YOUR ASSIGNMENT — Though the entries hold pictures, only their text should be duplicated, exactly and in full.

=== RECORDED DATA ===

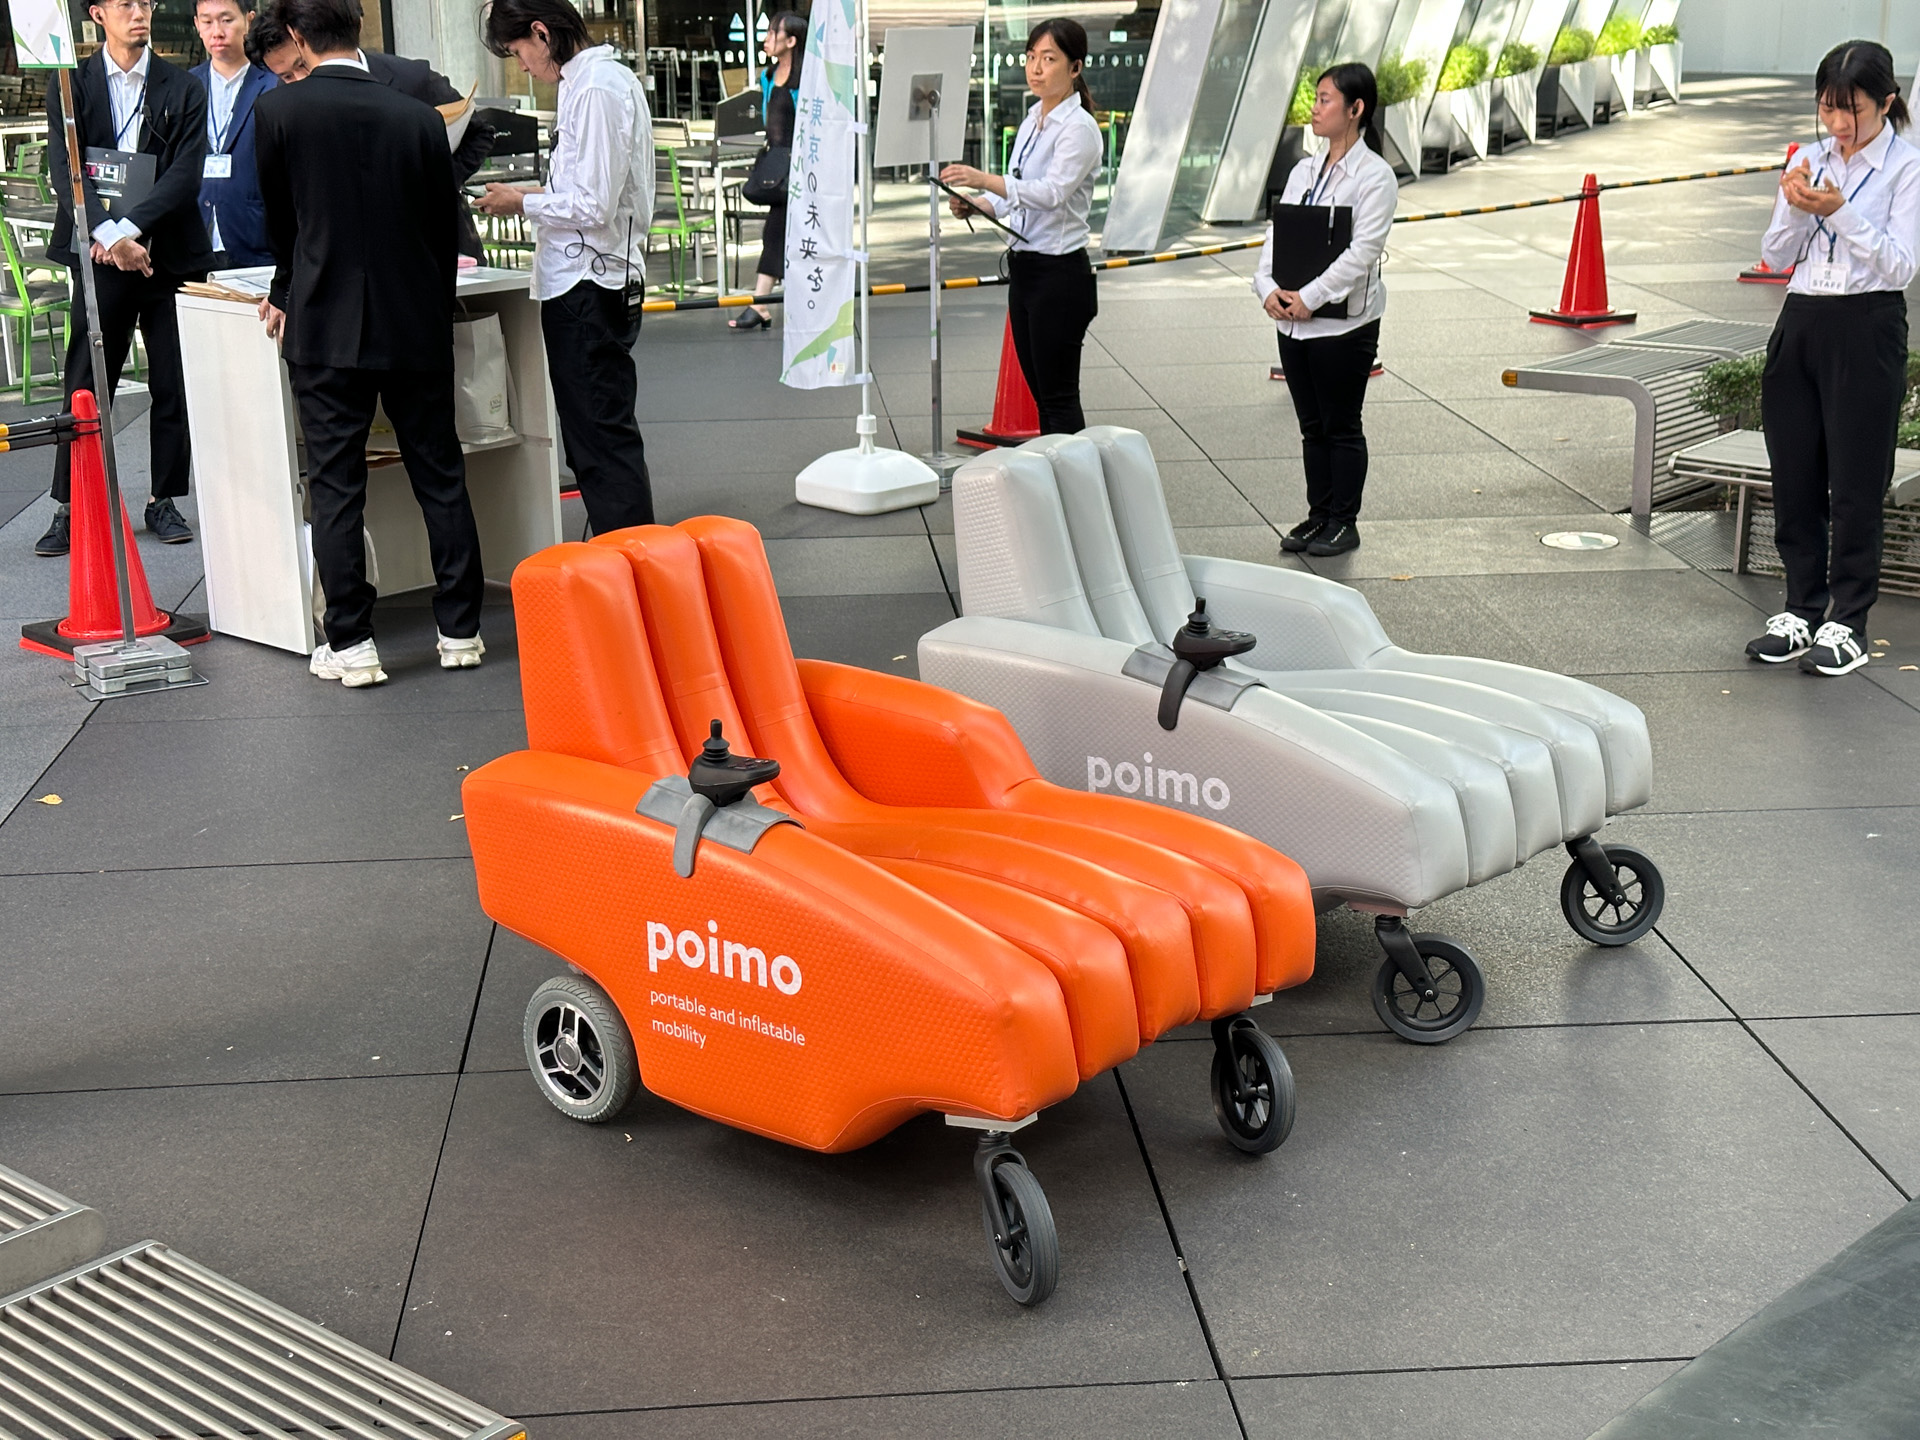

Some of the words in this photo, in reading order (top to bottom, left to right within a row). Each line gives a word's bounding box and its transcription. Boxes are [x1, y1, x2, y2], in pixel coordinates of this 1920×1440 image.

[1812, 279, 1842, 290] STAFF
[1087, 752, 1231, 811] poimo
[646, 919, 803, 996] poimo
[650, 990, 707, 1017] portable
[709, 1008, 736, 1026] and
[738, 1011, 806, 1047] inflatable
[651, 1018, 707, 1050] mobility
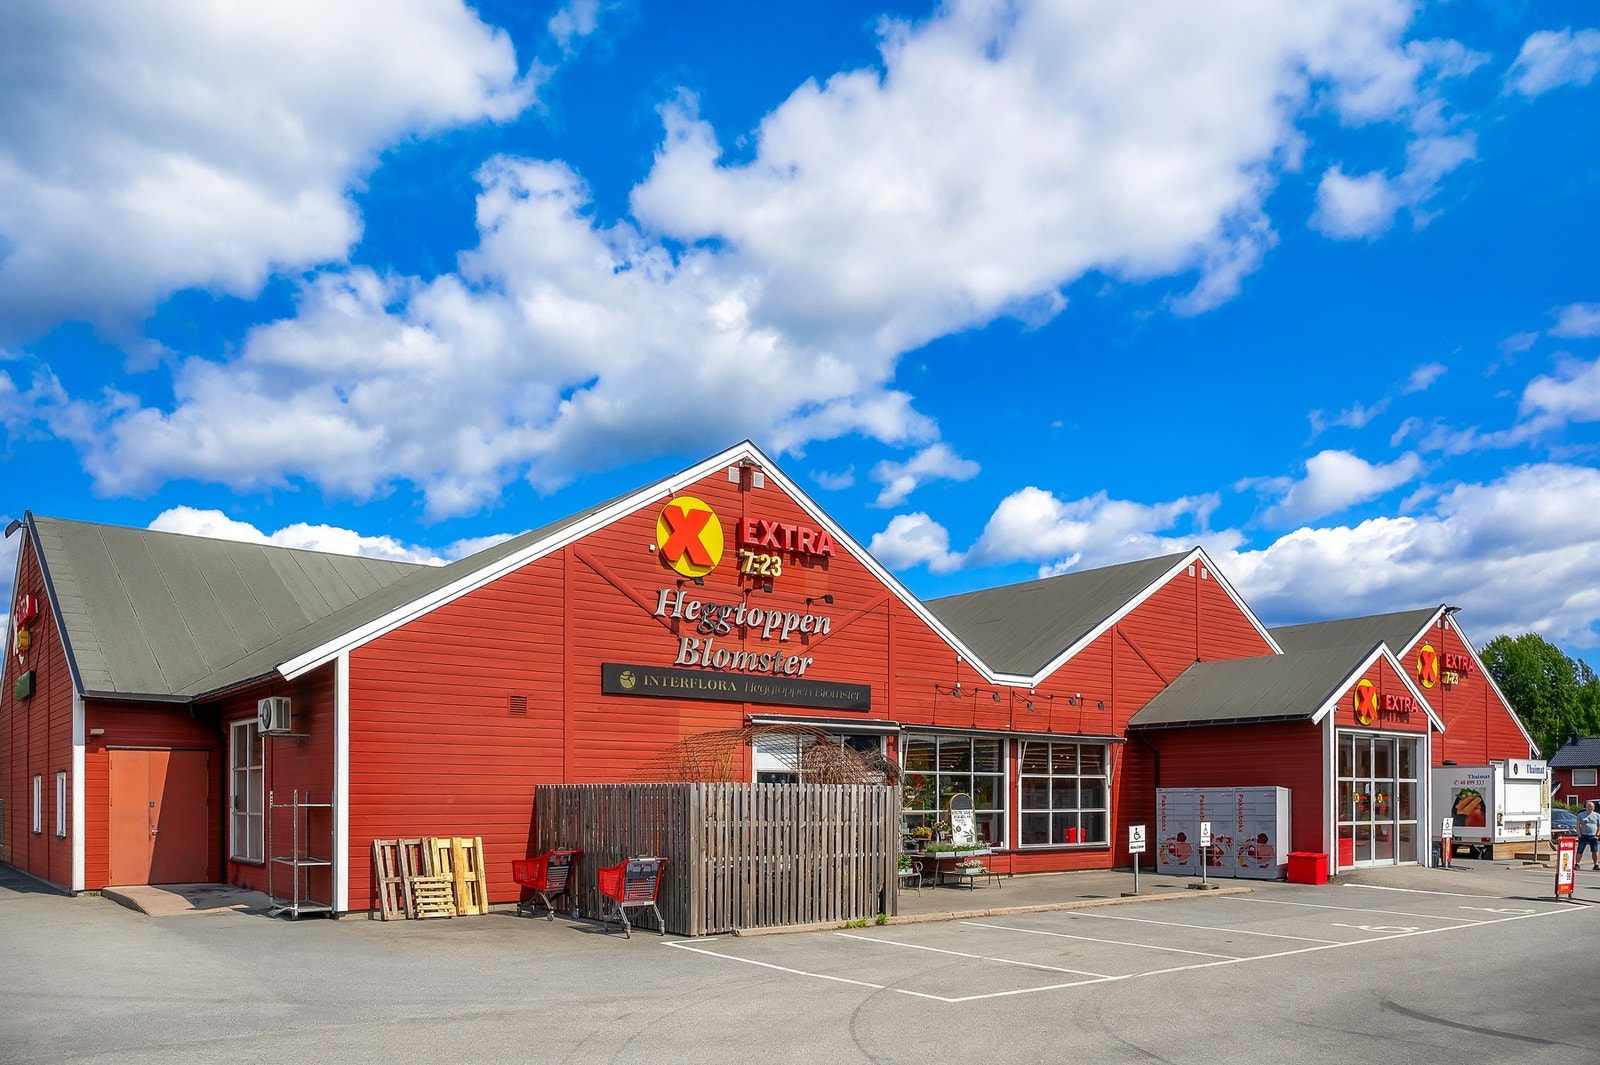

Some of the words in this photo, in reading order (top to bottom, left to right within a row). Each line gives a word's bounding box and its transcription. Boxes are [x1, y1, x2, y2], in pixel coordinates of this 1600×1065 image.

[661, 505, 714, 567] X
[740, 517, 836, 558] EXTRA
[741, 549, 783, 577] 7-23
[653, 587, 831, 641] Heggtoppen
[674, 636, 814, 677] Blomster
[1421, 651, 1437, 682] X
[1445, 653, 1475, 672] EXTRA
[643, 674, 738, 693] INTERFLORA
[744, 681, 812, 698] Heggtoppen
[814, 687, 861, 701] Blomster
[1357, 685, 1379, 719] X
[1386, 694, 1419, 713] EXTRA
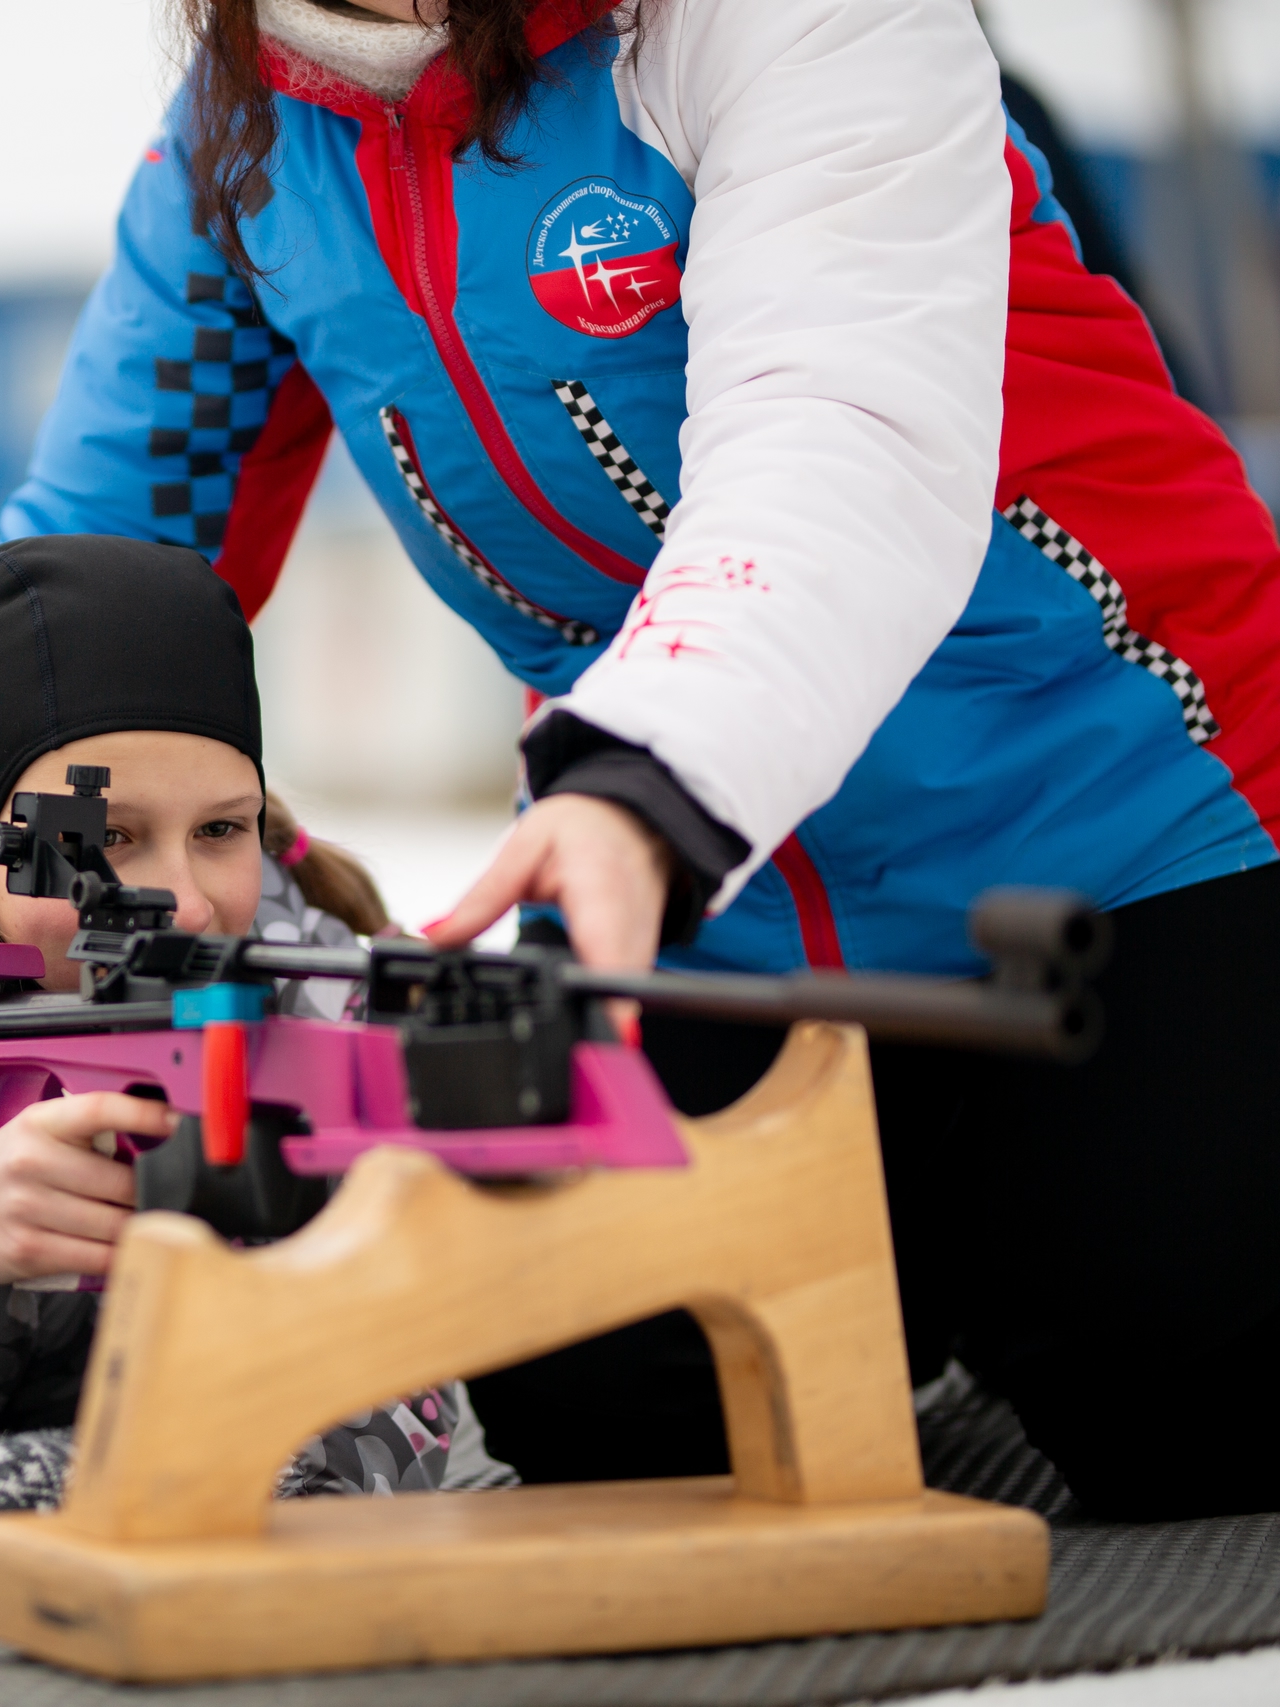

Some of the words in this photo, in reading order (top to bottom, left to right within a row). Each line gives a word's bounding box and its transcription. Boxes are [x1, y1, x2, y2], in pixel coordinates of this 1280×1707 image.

===

TASK RESULT —
Some of the words in this photo, in reading order (top to bottom, left to right within a row). Each line gives a word's bounding box and its transcription. Boxes are [x1, y1, x2, y2], in pixel coordinates of this 1920×1440 image.

[1812, 279, 1842, 290] STAFF
[1087, 752, 1231, 811] poimo
[646, 919, 803, 996] poimo
[650, 990, 707, 1017] portable
[709, 1008, 736, 1026] and
[738, 1011, 806, 1047] inflatable
[651, 1018, 707, 1050] mobility

Some of the words in this photo, in reading order (top to bottom, left to right within a row). Each line gives a word's bounding box and its transcription. Boxes are [x1, y1, x2, y2], in pixel coordinates of this 1600×1065 image.

[661, 505, 714, 567] X
[740, 517, 836, 558] EXTRA
[741, 549, 783, 577] 7-23
[653, 587, 831, 641] Heggtoppen
[674, 636, 814, 677] Blomster
[1421, 651, 1437, 682] X
[1445, 653, 1475, 672] EXTRA
[643, 674, 738, 693] INTERFLORA
[744, 681, 812, 698] Heggtoppen
[814, 687, 861, 701] Blomster
[1357, 685, 1379, 719] X
[1386, 694, 1419, 713] EXTRA

Some of the words in this photo, in reading order (top to bottom, left to right within a row). Each line gives a word's bounding box and its transcription. Boxes are [x1, y1, x2, y2], in pixel coordinates of this 1280×1707 image.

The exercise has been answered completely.